(Supplied entries)

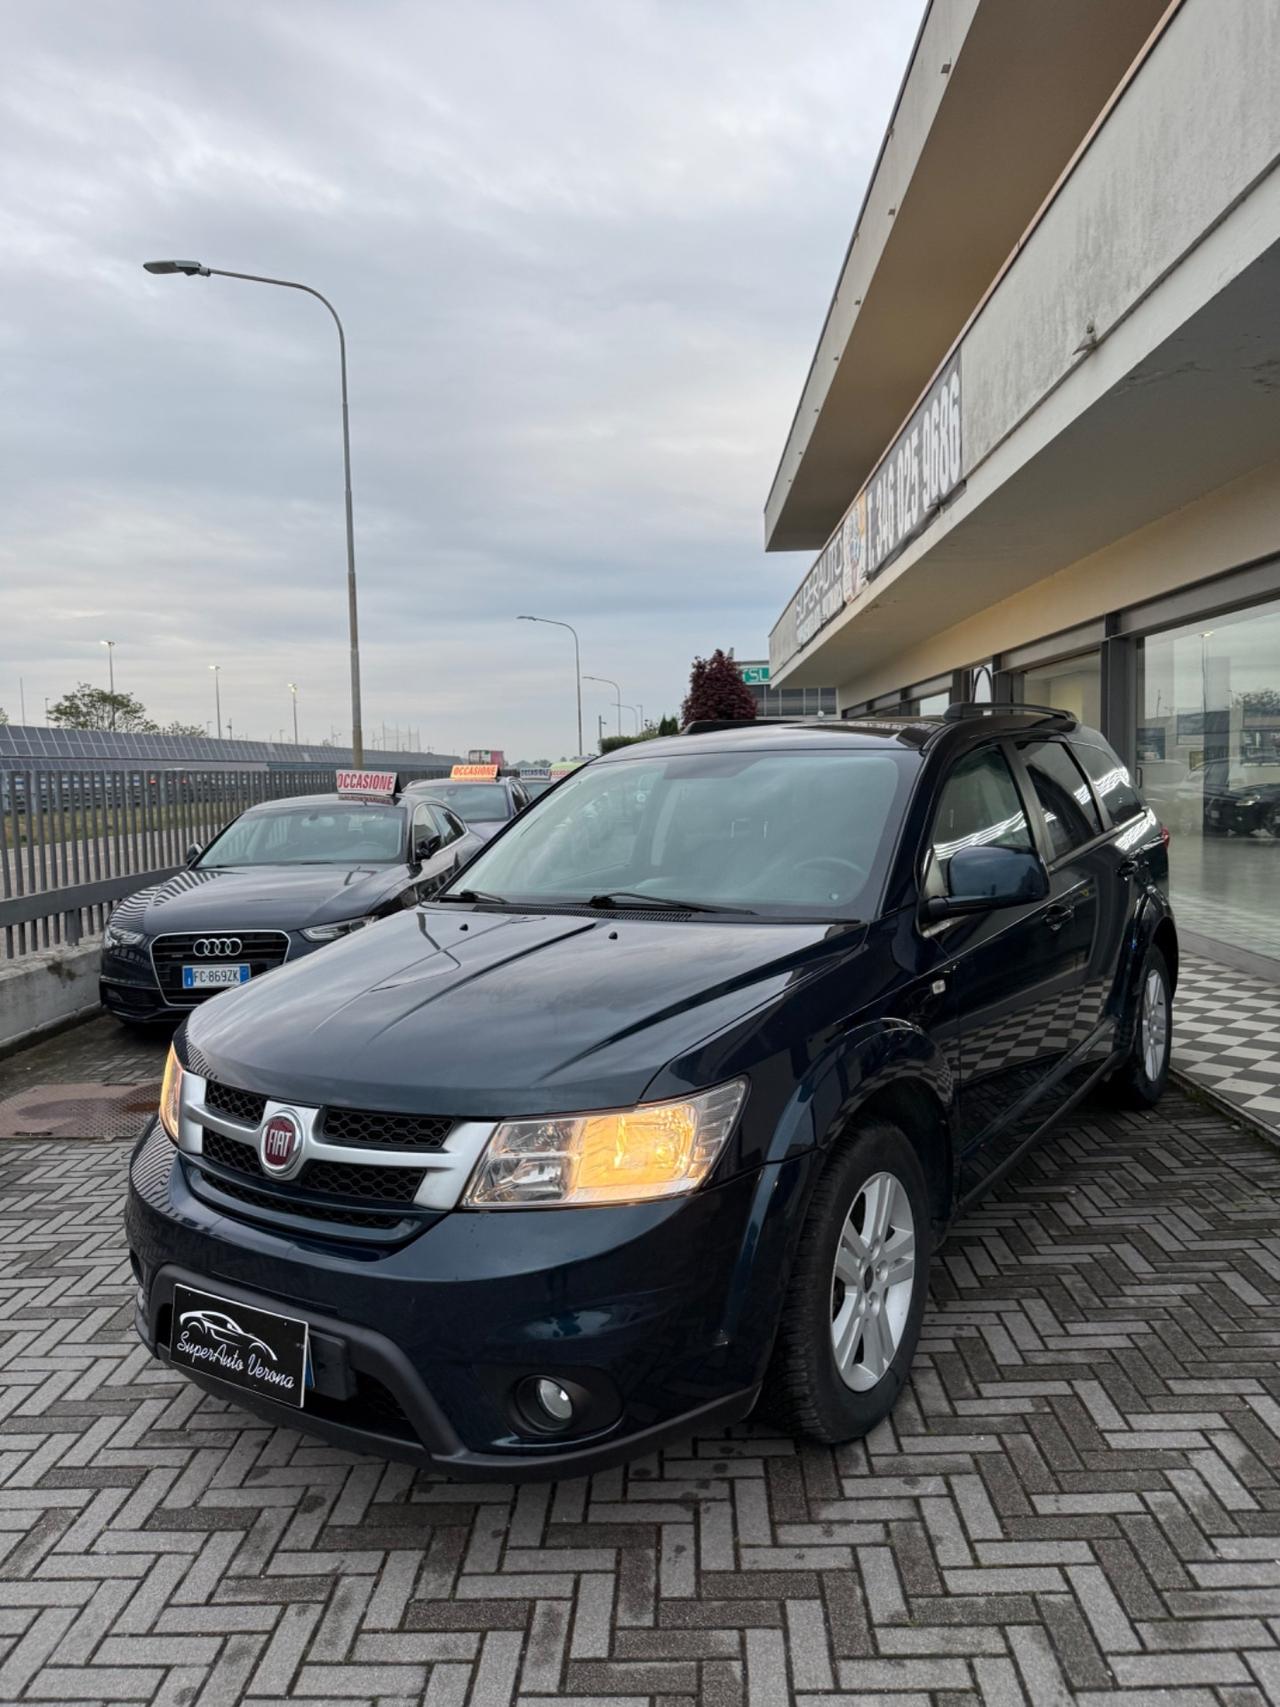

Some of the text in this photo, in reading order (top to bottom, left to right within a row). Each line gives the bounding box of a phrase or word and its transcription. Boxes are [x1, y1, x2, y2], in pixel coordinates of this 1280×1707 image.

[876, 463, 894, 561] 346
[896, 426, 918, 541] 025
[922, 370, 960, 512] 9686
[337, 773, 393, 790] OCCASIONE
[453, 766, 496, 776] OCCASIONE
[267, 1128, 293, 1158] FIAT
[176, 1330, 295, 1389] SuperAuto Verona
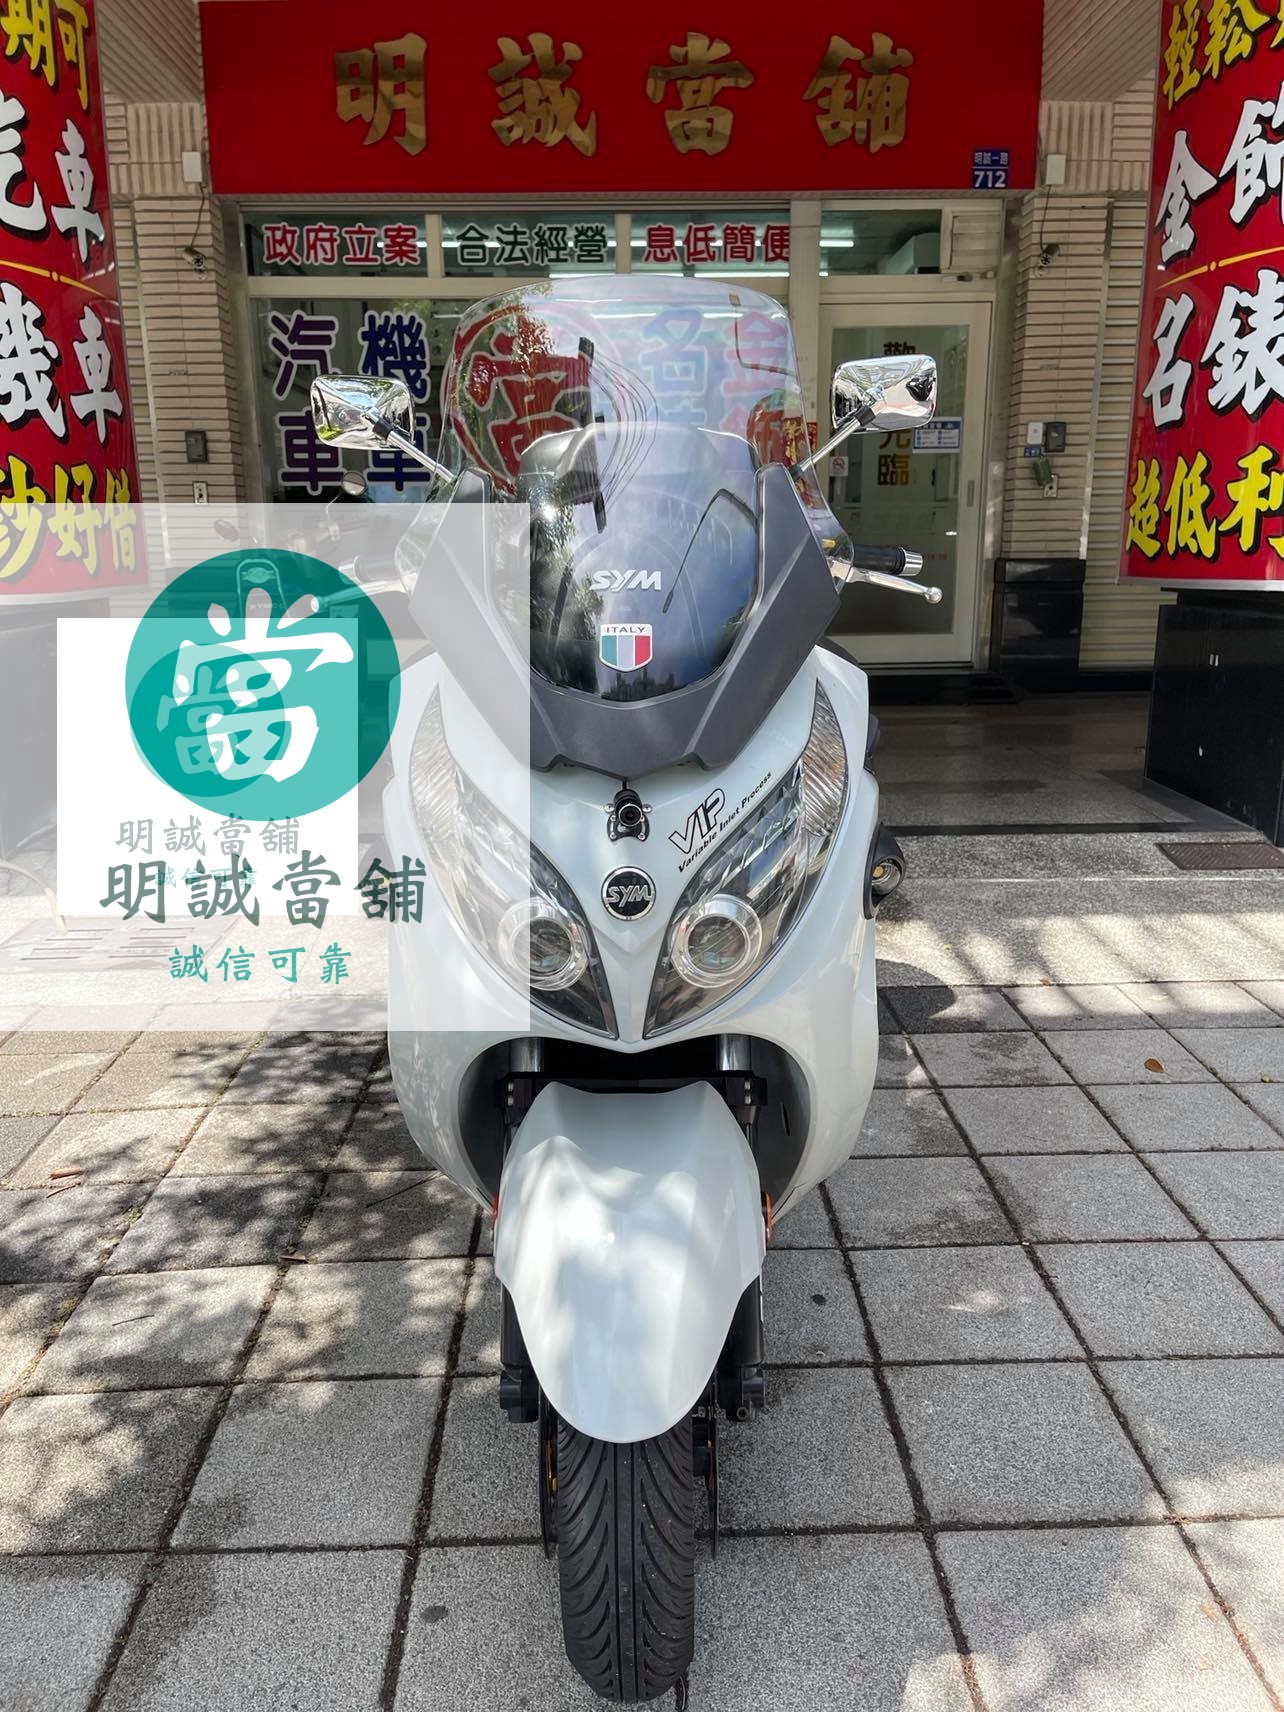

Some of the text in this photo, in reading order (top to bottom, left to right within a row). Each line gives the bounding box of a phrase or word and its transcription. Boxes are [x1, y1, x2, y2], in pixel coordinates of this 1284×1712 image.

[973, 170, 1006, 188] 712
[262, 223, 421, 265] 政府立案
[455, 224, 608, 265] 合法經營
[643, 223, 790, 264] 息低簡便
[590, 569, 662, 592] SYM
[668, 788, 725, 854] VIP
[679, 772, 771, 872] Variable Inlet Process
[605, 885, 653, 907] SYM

(End Supplied entries)

-- Exercise instructions --
Return every entry of the data above verbatim, with no images included.

-- Solved exercise --
Some of the text in this photo, in reading order (top to bottom, left to right within a row). Each line gives the bounding box of a phrase or word and its transcription. Boxes are [x1, y1, x2, y2], in pixel coordinates of this 1280×1707 image.

[876, 463, 894, 561] 346
[896, 426, 918, 541] 025
[922, 370, 960, 512] 9686
[337, 773, 393, 790] OCCASIONE
[453, 766, 496, 776] OCCASIONE
[267, 1128, 293, 1158] FIAT
[176, 1330, 295, 1389] SuperAuto Verona

Some of the text in this photo, in reading order (top to bottom, left to right within a row). Each line gives the bounding box of a phrase or word and its transcription. Boxes are [x1, y1, x2, y2], in pixel coordinates of this 1284×1712 image.

[973, 170, 1006, 188] 712
[262, 223, 421, 265] 政府立案
[455, 224, 608, 265] 合法經營
[643, 223, 790, 264] 息低簡便
[590, 569, 662, 592] SYM
[668, 788, 725, 854] VIP
[679, 772, 771, 872] Variable Inlet Process
[605, 885, 653, 907] SYM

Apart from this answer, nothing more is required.